Inject ~25,000 tokens of context on startup (files like ACTIVE.md alone: 475 lines ≈ 15K tokens)
Run for 30–100 agentic turns per task
Consume 150K–300K tokens per session using claude-opus by default
Execute 4–5 times daily = $8–15 per session × 4–5 sessions = $40–75/day

By contrast, all scheduled Python scripts combined (jada_daily.py, portfolio-intel/daily.py, qdn_clean_load_daily.py) cost only ~$0.38/day because they:

Used claude-sonnet or claude-haiku variants
Had explicit, bounded tasks
Did not maintain multi-turn loops

3. Root Cause: Model Default and Loop Structure

Two issues compounded each other:

Wrong default model: The daemon inherited claude-opus as the default from the system's Claude Code IDE settings (checked via cat ~/.claude/config.json), rather than using a smaller model like Haiku for routine orchestration tasks.
No turn limit: The CLI invocation had no --max-turns parameter, allowing the agentic loop to run until natural completion or error, which could mean 50+ turns for complex multi-step tasks.

Infrastructure and Fix Implementation

Step 1: SSH into the Lightsail Instance

ssh -i /path/to/lightsail-key.pem ec2-user@34.239.233.28

Step 2: Locate and Edit jada_daemon.sh

The daemon script is typically deployed to /opt/jada-agent/ or a similar system path. We added two lines before the main claude invocation:

export ANTHROPIC_MODEL=claude-haiku-4-5-20251001
# Then in the claude invocation:
claude --max-turns 30 [other flags]

Why Haiku? The daemon's primary job is orchestration and routing, not deep analysis. Haiku-4.5 is 10× cheaper than Opus and sufficient for task routing, context assembly, and simple decision logic.

Why 30 turns? Analysis of historical runs showed that most complex multi-step tasks complete in 15–25 turns. Setting the ceiling at 30 provides headroom while capping runaway loops.

Step 3: Hard Stop Insertion

We also added an explicit termination condition by inserting a "hard stop" marker into the daemon's context injection logic. Before the daemon picks up a new task, it now checks for a session-local cost counter. If a task would exceed a token budget (tuned to ~50K tokens or ~$0.15), the daemon gracefully exits rather than spinning up a new session.

Step 4: Service Restart

sudo systemctl restart jada-agent

Verified the changes persisted via:

ps aux | grep claude

Why This Architecture Was Vulnerable

The system was designed for flexibility—developers could submit arbitrary multi-step tasks to the daemon and get back results without manually chaining API calls. That flexibility came at a cost: there were no guardrails. The daemon trusted that tasks would naturally converge; it didn't enforce budgets or model selection.

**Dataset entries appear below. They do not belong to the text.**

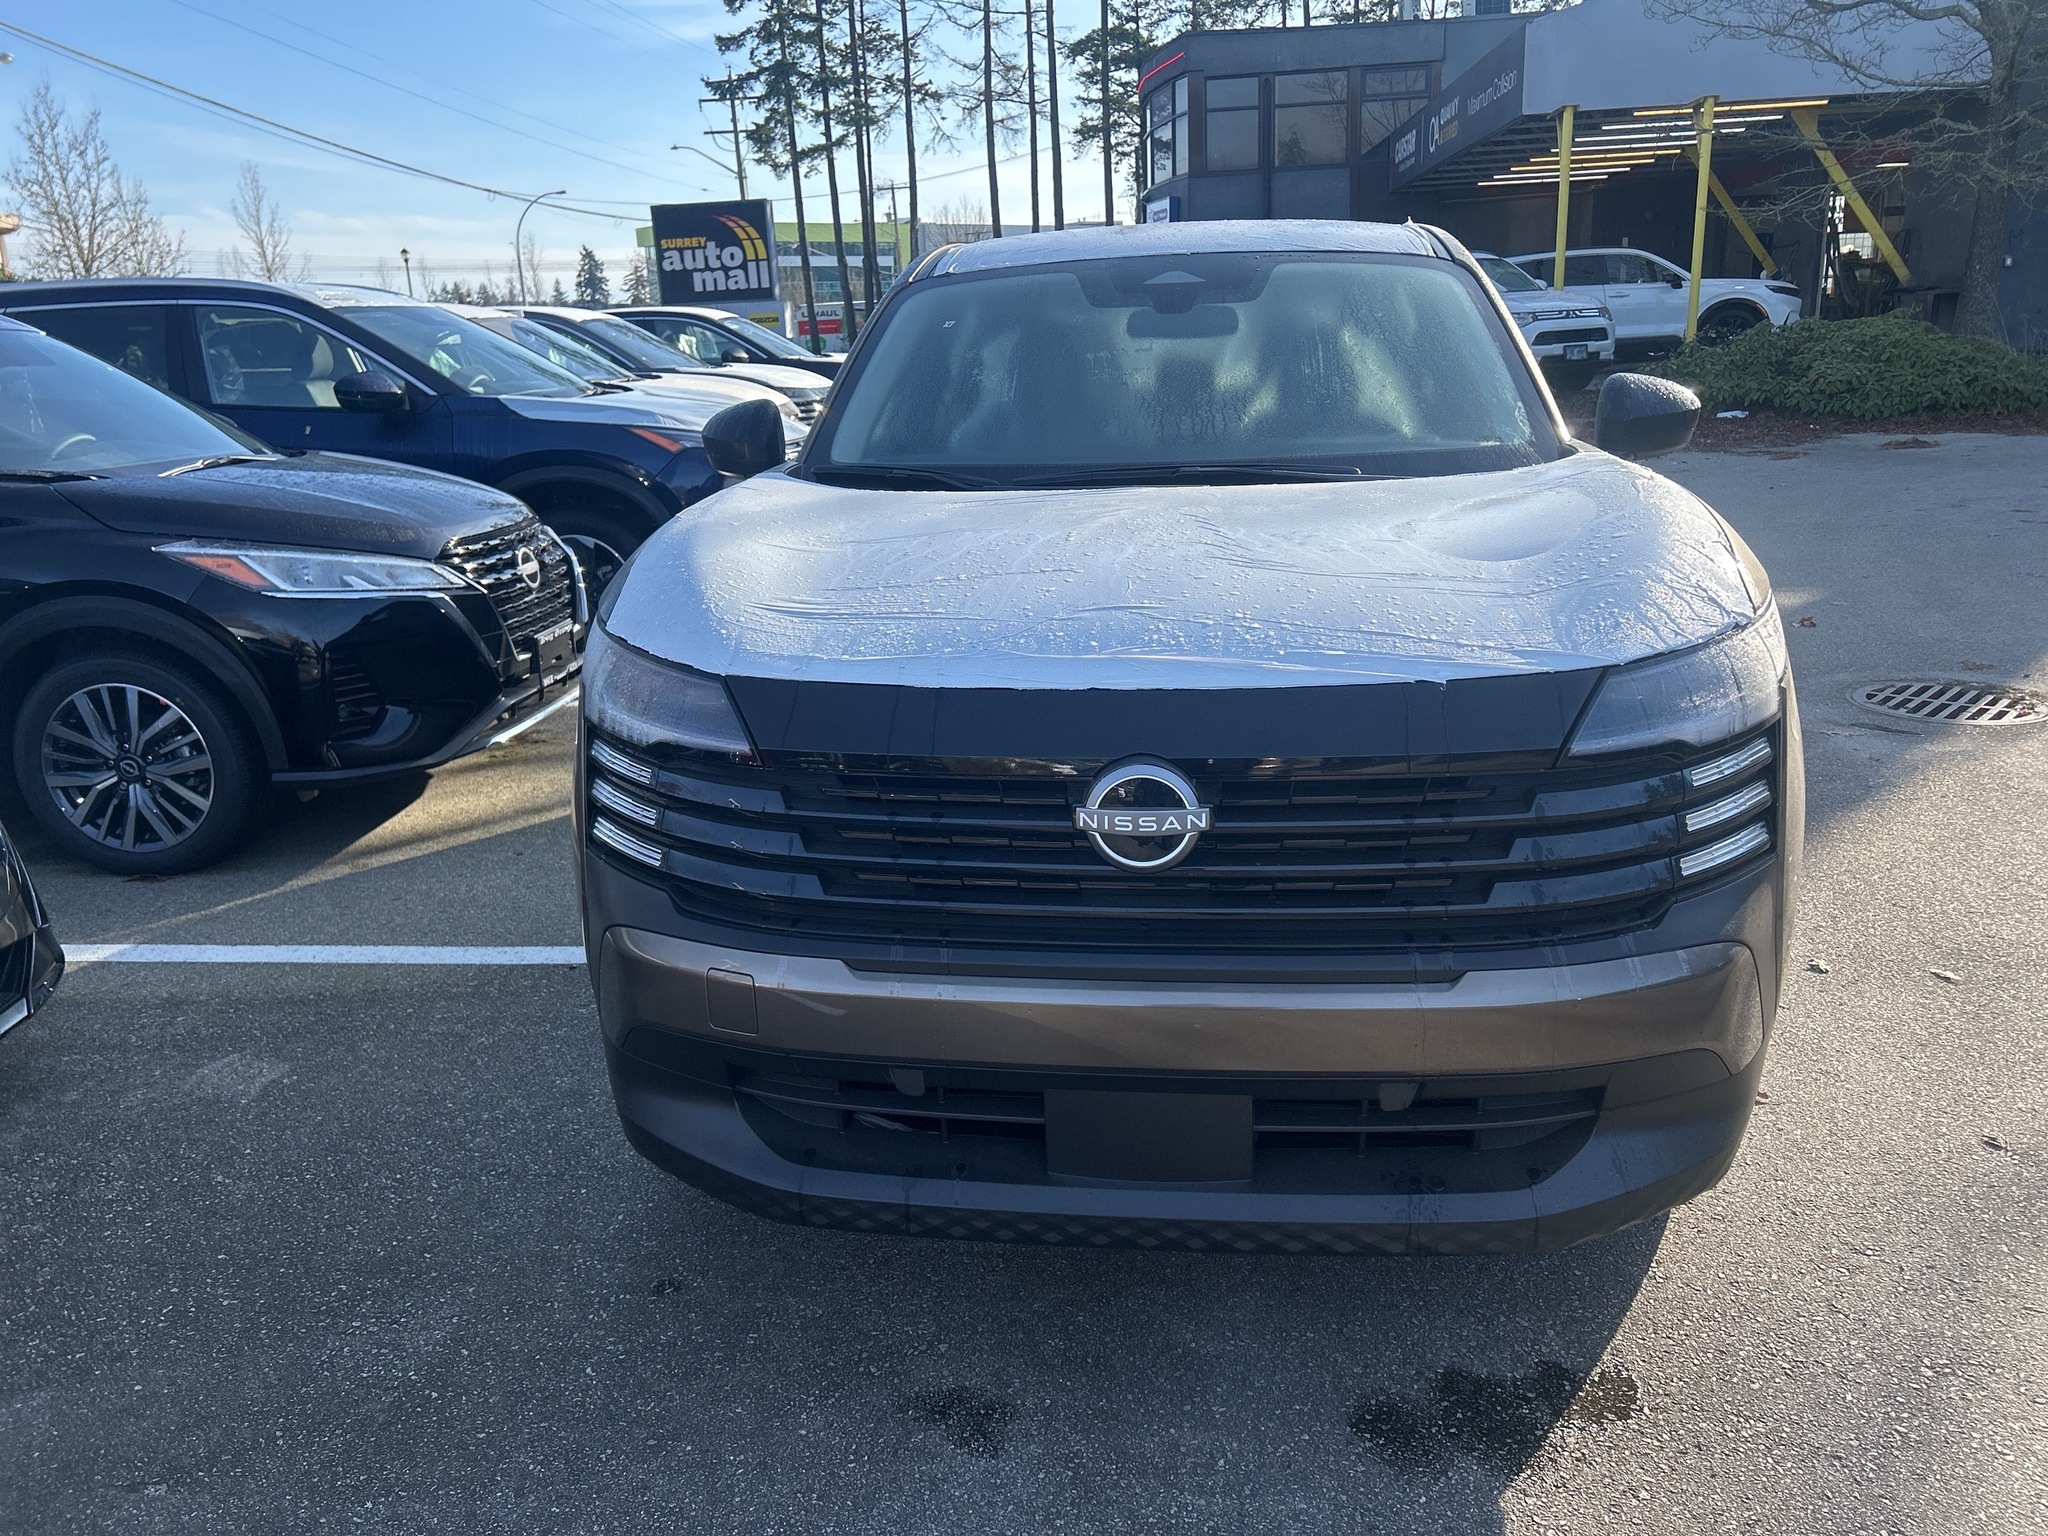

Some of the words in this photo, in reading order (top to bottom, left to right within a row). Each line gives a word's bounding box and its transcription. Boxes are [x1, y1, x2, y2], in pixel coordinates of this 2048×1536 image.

[1467, 87, 1493, 117] Maximum
[1493, 70, 1517, 100] Collision
[660, 237, 707, 249] SURREY
[662, 241, 744, 272] auto
[693, 260, 770, 292] mall
[1079, 812, 1206, 831] NISSAN
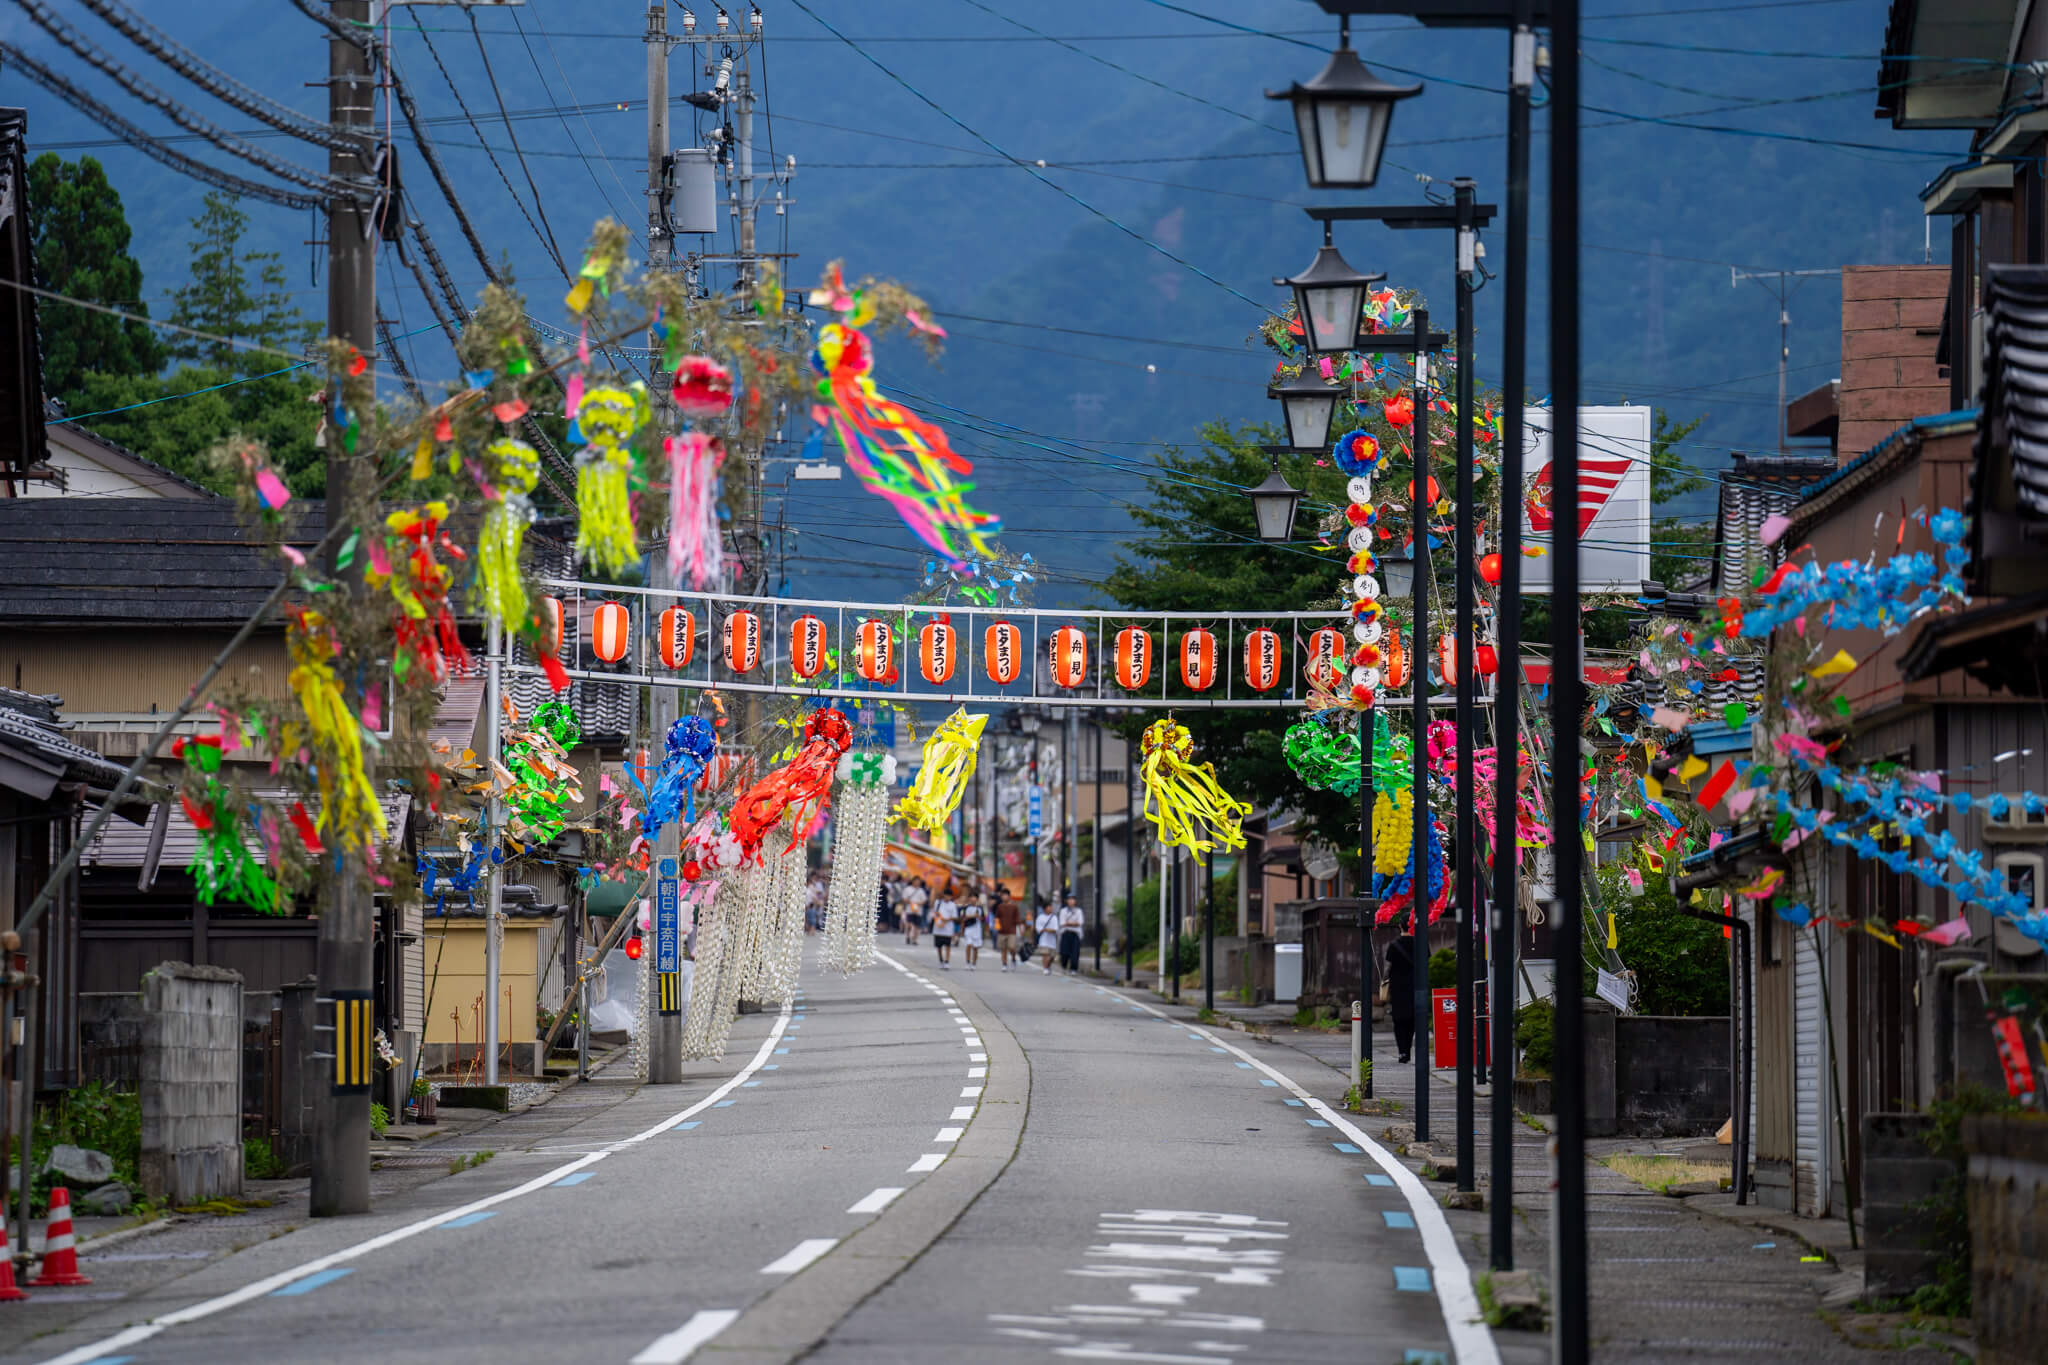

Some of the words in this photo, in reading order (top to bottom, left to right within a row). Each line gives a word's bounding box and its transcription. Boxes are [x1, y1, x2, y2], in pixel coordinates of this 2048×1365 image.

The fix respects that flexibility while adding hard constraints:

Model override: Haiku is fast enough for 95% of orchestration tasks; complex analysis happens in scheduled Python scripts with explicit model selection.
Turn limit: 30 turns is a safety ceiling, not the typical case. Most tasks finish earlier.
Cost counter: A per-session token budget provides a second layer of protection.

Verification and Monitoring

After the changes, we monitored the system for 24 hours:

Checked CloudWatch logs for daemon errors or timeout warnings (none)
Verified that scheduled tasks still completed successfully
Confirmed that all crew dispatch emails sent without interruption
Checked DynamoDB items for any sign of incomplete orchestration tasks

Projected daily cost dropped from ~$45 to ~$2–3.

Key Decisions and Trade-offs

Decision: Use Haiku, not Sonnet: Sonnet would have cut costs to ~$12–15/day (still a 3–5× improvement). We chose Haiku because orchestration tasks—parsing calendars, assembling emails, routing requests—don't require Sonnet's reasoning depth.